How to cite the workflow

Price, G. (2023). Genome assessment post assembly. WorkflowHub. https://doi.org/10.48546/WORKFLOWHUB.WORKFLOW.403.2

A note on software versions

Software Version
FASTA stats 2.0
QUAST 5.0.2+galaxy1
BUSCO 5.2.2+galaxy0
Meryl 1.3+galaxy6
Merqury 1.3

Standards of genome quality

Note that there is no such thing as the perfect genome! Standards such as the Earth BioGenome Project’s Table of Proposed EBP Metrics can be used as a guide for genome quality, noting that these standards rely on a scaffolded (e.g. HiC) genome (Rhie et al. below)

Rhie, A., McCarthy, S.A., Fedrigo, O. et al. Towards complete and error-free genome assemblies of all vertebrate species. Nature 592, 737–746 (2021). https://doi.org/10.1038/s41586-021-03451-0

Tool or workflow EBP metric provided (Rhie et al. 2021)
Merqury False duplications - Base pair QV - K-mer completeness - Phased block (NG50)
Purge duplicates Curation improvements - false duplication removal
BUSCO Genes

Before you start!

The QC workflow

  • Is optimised for assessment of eukaryotic genomes. It can be reconfigured for prokaryotic or fungal genomes.
  • Prior to assembly, the read files should already have had adapter sequences removed with hifiadapterfilt.
  • Requires the assembled genome for the Merqury tool, as well as a meryl database (a directory representing k-mer count files), which is generated by the workflow itself from sequencing read files.
  • Requires the genome file to have the .p.utg.fa tag at the end if the genome was assembled using hifiasm, as this program generates an output file with this particular tag
    • In this case, the file contains both haplotypes of the genome, and has been processed to minimise sequencing errors appearing as different haplotypes. Working with .p.ctg.fa only provides the primary assembly, the alternative assembly is not present and will not be considered in the results.
    • For genomes assembled through other programs, the general principle for choosing the genome file to analyse with merqury is that the genome file has to contain both haplotypes, not just a single one. This ensures that the histogram graphs generate properly.

This How-to-Guide

  • Covers how to analyse a single genome.
  • If you had access to sequence data for trios and wanted to calculate things like phase block continuity, please to refer to the Merqury documentation.

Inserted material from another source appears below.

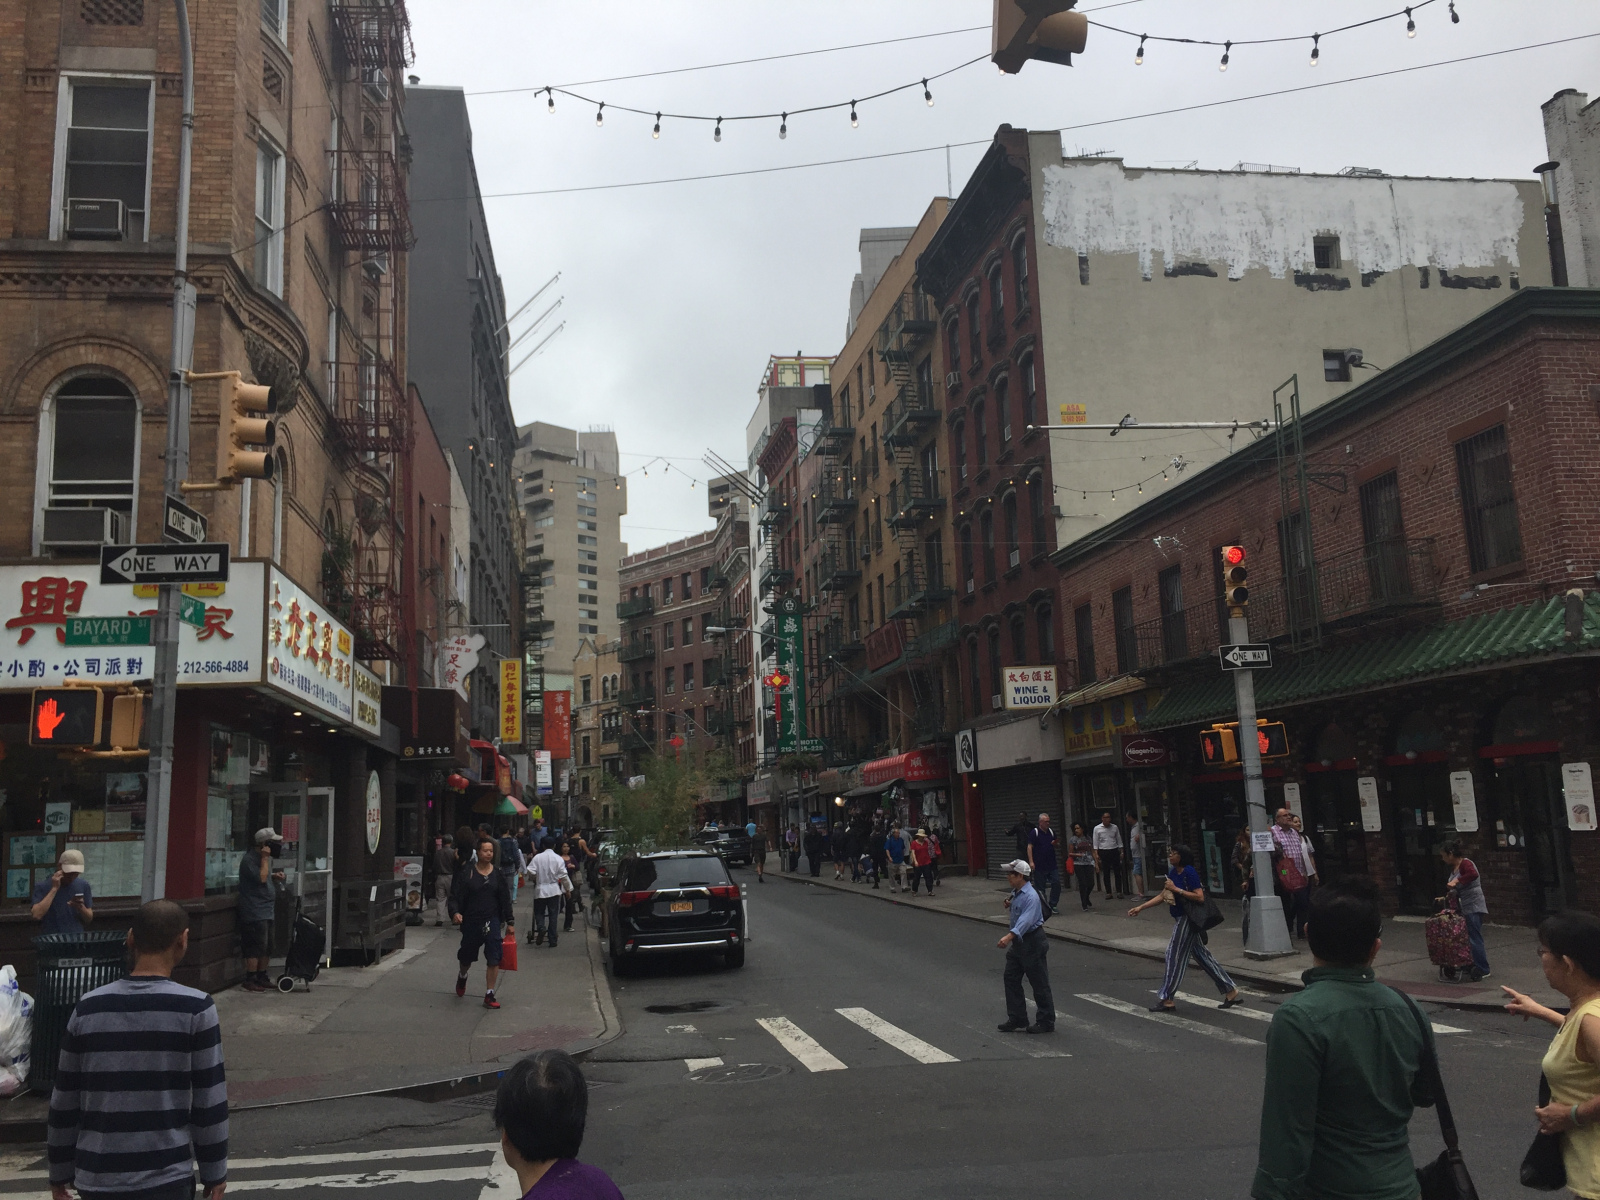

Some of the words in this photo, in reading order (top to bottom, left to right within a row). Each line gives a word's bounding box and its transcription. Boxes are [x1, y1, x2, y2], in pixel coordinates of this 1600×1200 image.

Genome assessment post assembly workflow

  1. Make sure you are registered and logged into Galaxy Australia
  1. Upload your primary genome assembly file to your current Galaxy history
    • See this link for details on how to upload files
    • If you don’t have a history (i.e. you are using an existing assembly), you can create one, as shown in the image below

Fig 2. New Galaxy history!

  1. Visit this link to:

    • retrieve the workflow for assembly quality control,
    • add it to your Galaxy Australia workflows list, and
    • open your workflows list (which can also be reached by clicking the Workflow tab), highlighted by a red box in Fig 3)
    • the URL for this tab is https://usegalaxy.org.au/workflows/list

Fig 3. The main page of the Galaxy Australia service.

  1. Select the play button (highlighted by a red box in Fig 4) for the Genome assessment post assembly workflow.

Fig 4. The workflows page of the Galaxy Australia service is where your workflows appear. The play button to launch your workflow is highlighted by a red box.

  1. The workflow invocation window will open.

  2. Select either the primary assembly file that you previously loaded into your Galaxy history, or the assembly you created using the Galaxy HiFi genome assembly workflow, using the drop-down menu (step 1 in Fig 5).

Fig 5. The workflow invocation menu for the Genome assessment post assembly workflow. Step 1 is to select the primary assembly file using the drop-down menu, and Step 2 is to select Run workflow.

  1. Both the genome assembly and raw read files should be in .fa or .fastq format.

  2. Determine optimal k-mer size for genome

    • In order for Meryl to generate a database for each read file, a k-mer length must be selected
    • It should be large enough to allow the k-mer to map uniquely to the genome
    • k = 21 is generally a good length for a haploid genome of 3.1 Gb and a diploid genome of 6.2 Gb
  3. BUSCO lineage selection

    • Select the lineage relevant to your genome
    • For example, if you were analysing a lizard genome, you may wish to select the Sauropsida lineage
    • Alternatively, you may prefer to select a broader lineage such as Vertebrata to allow for broader comparisons to other species’ genomes
    • Keeping in mind that BUSCO results should generally be compared across the same version of BUSCO and the same lineage
  1. Click Run workflow (step 2 in Fig 5).

Genome assessment workflow outputs

Below are descriptions of the workflow outputs, including those for FASTA statistics, the QUAST report (webpage, PDF and tabular*), BUSCO and Merqury. A more in-depth Merqury guide is also available below.

FASTA statistics

Kyran, A. (2021). Fasta Statistics: Display summary statistics for a fasta file. https://github.com/galaxyproject/tools-iuc

A general QC tool for FASTA files, which produces a summary table (see Fig 6). The metrics include various sequence read lengths (n50, min, max, median and average), numbers of base pairs (A, C, G, T, N, total number num_bp and total number that are not N num_bp_not_N), the total number of sequences as well as the GC content.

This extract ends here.